‘The Sense of Wonder: Lee Boynton and Rachel Carson’
The Southport Memorial Library is pleased to announce its summer show, “The Sense of Wonder: Lee Boynton and Rachel Carson.” In this show quotes from Rachel Carson’s book “The Sense of Wonder” are interspersed with Lee’s artwork. Rachel Carson, scientist and writer, and Lee Boynton, artist and teacher, touched the world in mighty ways through the overflow of their hearts and the works of their hands. They had eyes to see the wonder in the world around them and articulated that wonder with beautiful, heart-felt language — Rachel Carson with her pen and Lee Boynton with his paint brush.
In her book, “The Sense of Wonder,” Rachel Carson demonstrates from her own life that the sense of wonder is passed to those around us, and particularly the next generation, through love and relationship. She tells of how one stormy autumn night she wrapped her baby nephew Roger in a warm blanket and took him down to the rocky shore below her cottage on Southport. Holding him close to her heart, she introduced him to the wonder and majesty of the turbulent sea and the vast night sky. He is safe in her arms as she imparts to him that sense of awe and wonder she knew so well.

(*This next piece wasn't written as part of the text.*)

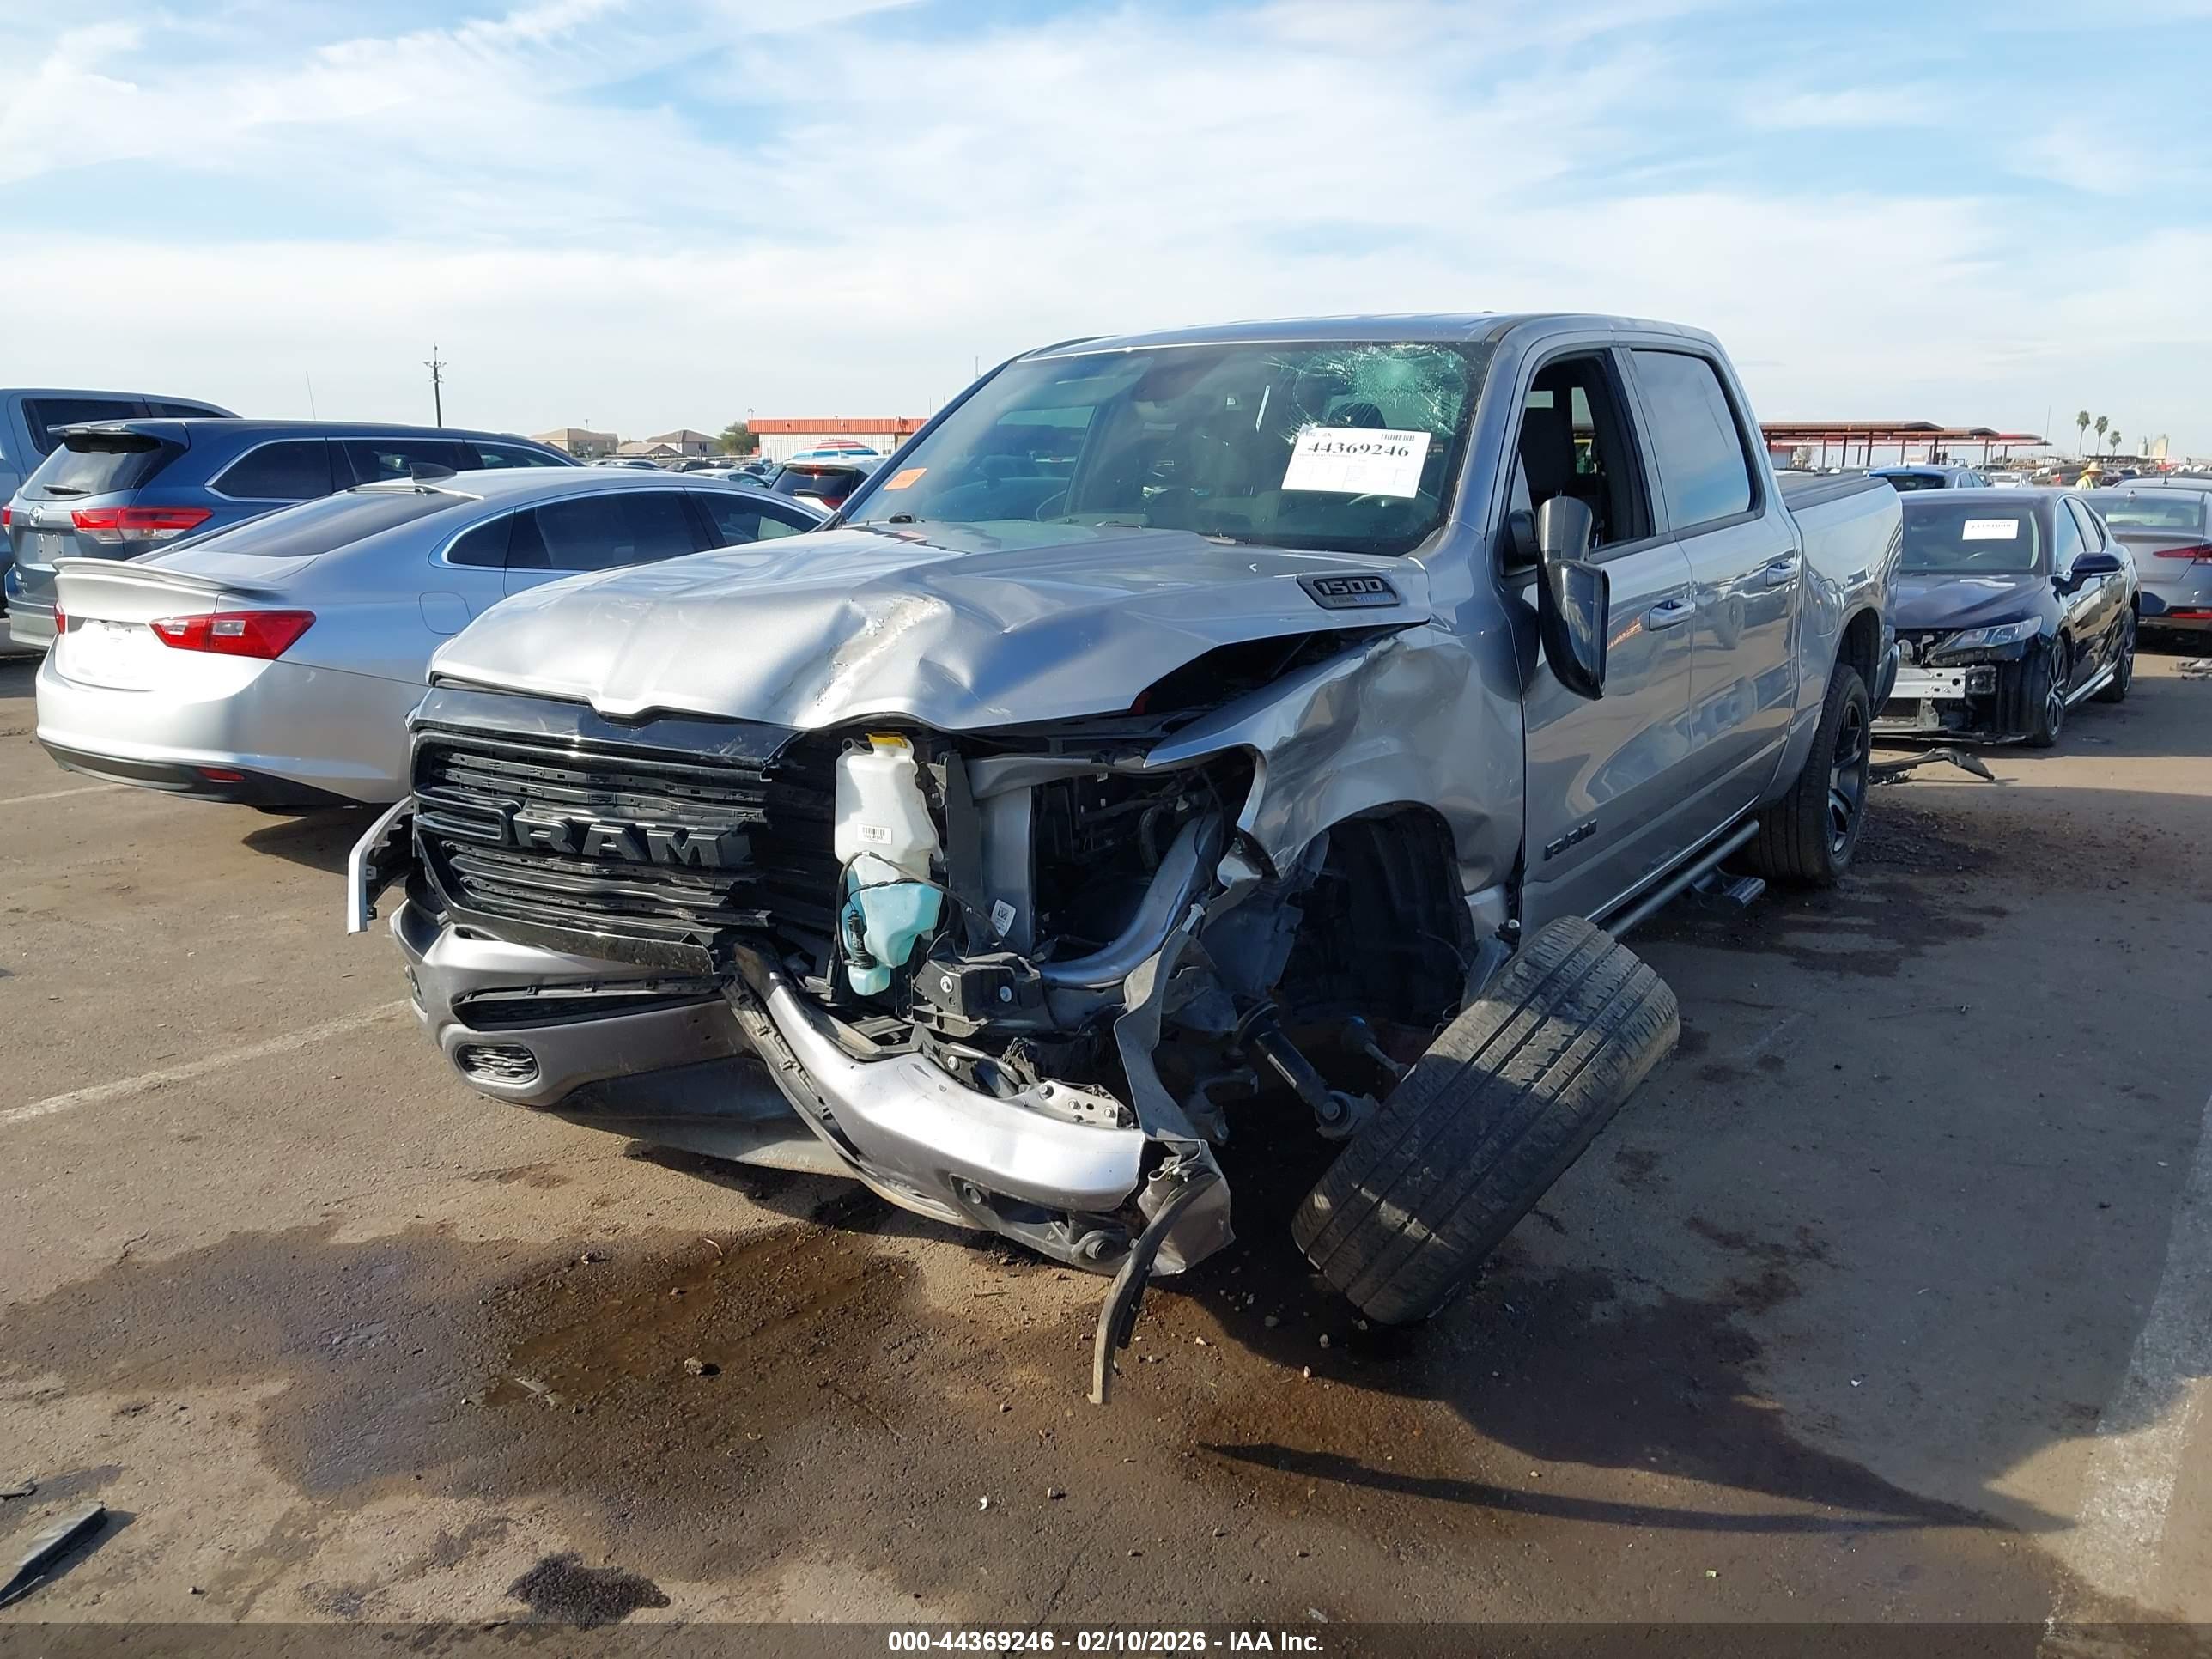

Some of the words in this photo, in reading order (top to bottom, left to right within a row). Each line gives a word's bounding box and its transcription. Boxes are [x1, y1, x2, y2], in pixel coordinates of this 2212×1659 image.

She believed this heart connection with nature and one another was the key to saving our fragile, breathtaking world.
Lee kept his inborn sense of wonder alive through his relationship with our living God. His love for God and God’s Word fueled his life as an artist. “I’m a co-creator with God when I paint,” he would say. His art was an expression of his awe and wonder. As for Rachel, his summers on the coast of Maine were a creative well-spring.
Lee yearned to ignite that heart response in his students. His students often said Lee was the best teacher they ever had in any subject. He gave himself fully to the glory of the moment and to sharing the joy of discovery with color and paint. “You can do it!” he would say. “Tap into the wonder of God and that gift He has given you … Don’t over think it. Be free to paint and sing!” His enthusiasm was infectious.
That sense of wonder was the one underlying gift Lee desired to pass on to our children. They grew up seeing him paint wherever we went. Our daughter Margie painted alongside her father throughout her life. Thanks to him, she understands the true value of her artistic gift, and is finding her own beautiful voice.
Lee taught workshops through the Cape School of Art for eight years before it closed, and has also carried the mission of teaching the Impressionist theories of color and light apart from the school, as have other Cape School alumni. The School reopened in 2010, and Lee returned to teach his workshop on painting the Impressionist watercolor.
Adept at painting in both the watercolor and oil mediums, Lee taught workshops and classes in both for the entire span of his artistic career. In 2004, Watson Guptill, Inc. published Painting the Impressionist Watercolor, an instructional book Lee co-authored with Linda Gottlieb, one of his longtime students. The book is based on the workshops he taught through the Cape School before it closed in 2002.
Highest quality archival prints of his paintings and his book Painting the Impressionist Watercolor are available for purchase on www.leeboyntonlegacy.com.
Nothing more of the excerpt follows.